(Dataset entries)
---
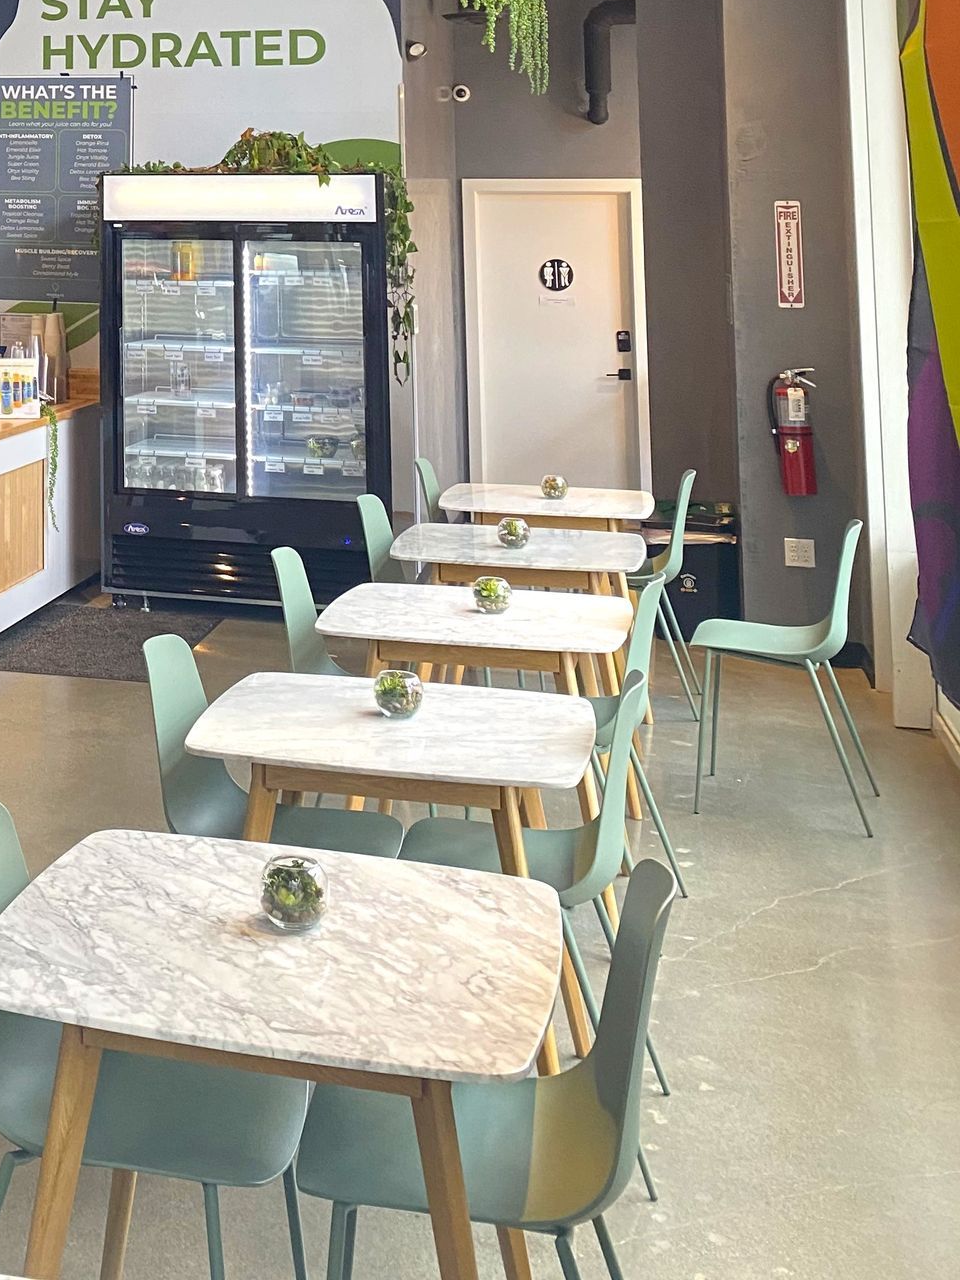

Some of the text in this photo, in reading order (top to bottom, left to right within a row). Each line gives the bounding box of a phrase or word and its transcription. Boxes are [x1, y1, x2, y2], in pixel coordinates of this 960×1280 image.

[42, 29, 326, 70] HYDRATED
[1, 84, 117, 99] WHAT'S THE
[0, 101, 118, 119] BENEFIT?
[779, 211, 797, 220] FIRE
[785, 222, 795, 298] EXTINGUISHER
---
EXERCISE:
Nothing but the records themselves, exact and complete, should be returned; leave the pictures out.

RESULT OF THE TASK:
Some of the text in this photo, in reading order (top to bottom, left to right within a row). Each line gives the bounding box of a phrase or word and its transcription. Boxes are [x1, y1, x2, y2], in pixel coordinates of this 960×1280 image.

[42, 29, 326, 70] HYDRATED
[1, 84, 117, 99] WHAT'S THE
[0, 101, 118, 119] BENEFIT?
[779, 211, 797, 220] FIRE
[785, 222, 795, 298] EXTINGUISHER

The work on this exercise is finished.